In 2010, nearly 10 percent of the girls between the ages of 10 and 17 in Sullivan County got pregnant. That number is one of the major reasons the Sullivan County Adolescent Pregnancy Prevention Initiative, or SCAPPI, exists.
SCAPPI is a cooperative effort between city, county and community partners that serves the needs of three distinct groups of kids: abstinent teens, who don’t have to worry about sexually transmitted diseases or unplanned pregnancies; sexually active teens, to whom they provide information and knowledge which hopefully helps them make good choices; and lastly, pregnant and parenting teens, many of whom have a lot to learn and may not know where to go for help.
"I consider one teen pregnancy too many, and kids need to know that every action has its consequences, but if they’ve already make that decision and want to make their lives better, we want them to know we have resources and people willing to work with them," said Linda Brittenham, the Tennessee Adolescent Pregnancy Prevention Coordinator.
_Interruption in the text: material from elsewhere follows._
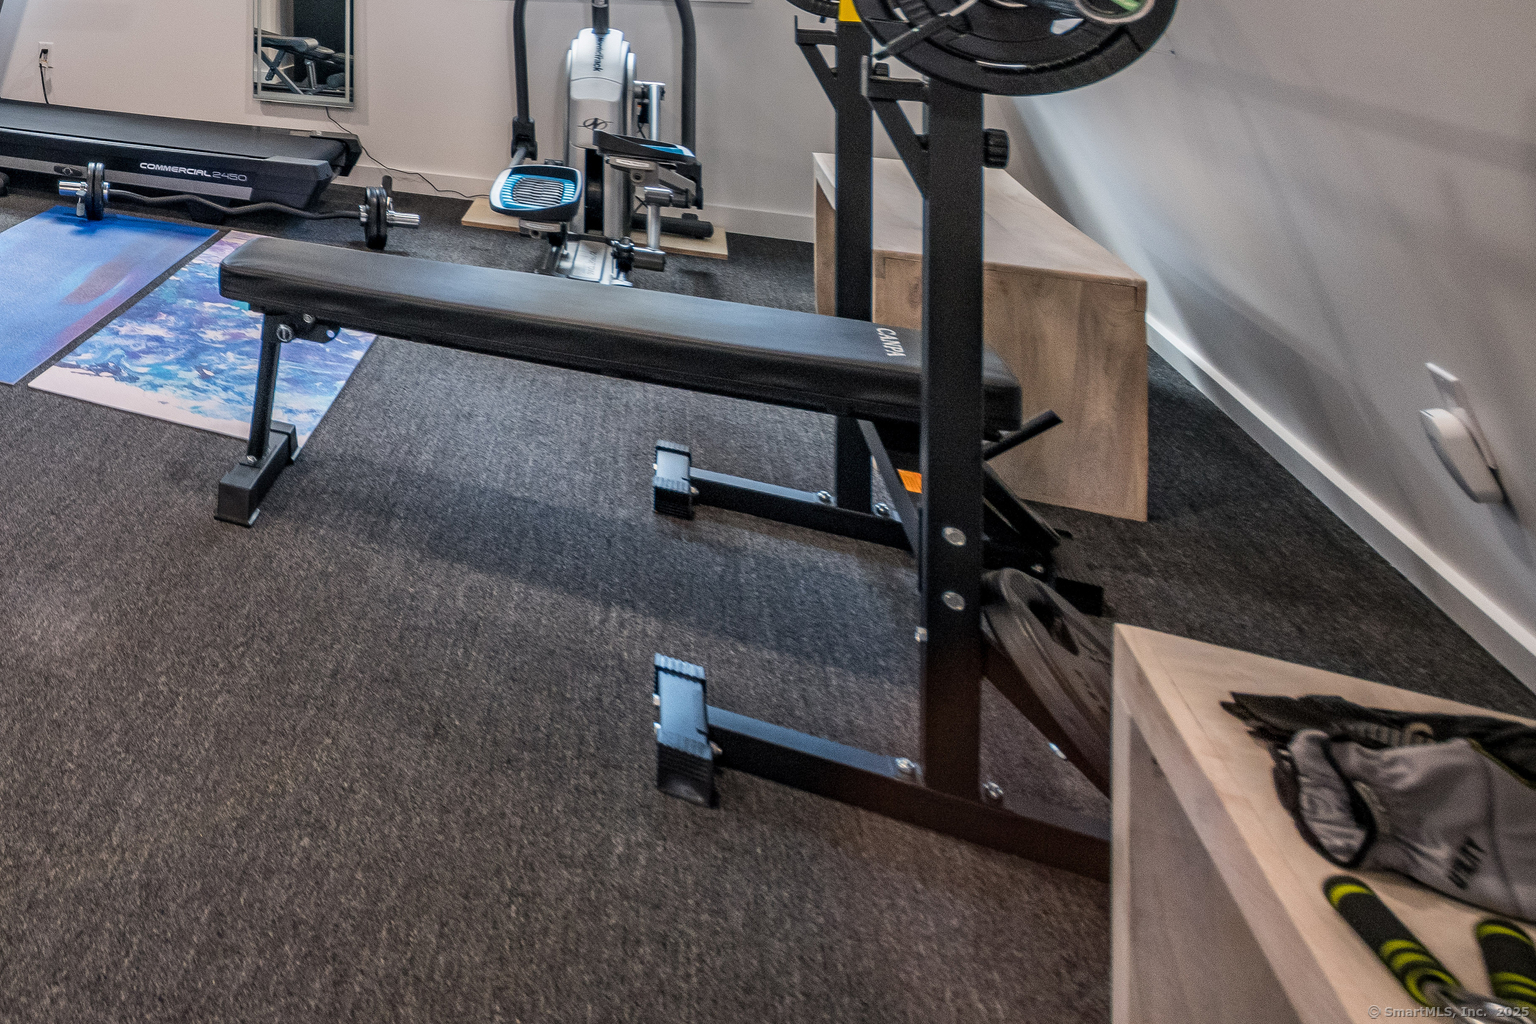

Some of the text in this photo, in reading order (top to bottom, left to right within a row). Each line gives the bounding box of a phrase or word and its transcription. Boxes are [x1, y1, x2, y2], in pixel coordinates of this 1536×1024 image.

Funded through a state of Tennessee grant, SCAPPI has three primary goals: to promote community awareness and involvement in adolescent pregnancy and parenting issues; to facilitate the collaboration among various sectors of the community to enhance and increase pregnancy prevention efforts; and to coordinate, improve and expand services available to pregnant and parenting adolescents.
"Parents are the most influential people in a child’s life and we hope they use that power in educating their kids, but not all families have the same makeup, so we’ve got to provide resources to fill those gaps," Brittenham said.
About four years ago, SCAPPI discovered that there was a particular need in services for the pregnant and parenting population and began the T-Tops Program - Teaching Teens Outstanding Parenting Skills.
Once held at Elizabeth Chapel United Methodist Church, the program has since moved to Celebration Church to accommodate the increasing number of caring organizations who have joined in to help educate adolescent mothers and fathers.
"We work with state agencies, the court system, the school systems, and many other agencies, organizations and businesses to improve their lives by offering instruction and education in a variety of parenting skills. Topics include child safety, patience, sleeping habits and positions of infants, budgeting money, how to swaddle a child or change a diaper. Individually, any one of these tasks can be daunting and, when combined, they can be overwhelming for a young parent. The choices they make determine the path they take, but we can help them be the best parents they can be," Brittenham lovingly said.
"Everyone has the opportunity to reach a teen and say 'I care.' That’s the basic foundation for a lot of these kids. As adults we are all teachers, we need to be compassionate and we need to encourage good decision-making. By giving these kids hope, showing them positive effects of having a good attitude and helping them develop their self-esteem, we play a major role in the successful outcomes of their lives. We want these youngsters to know the community is there for them, that they are important to us and we care about them."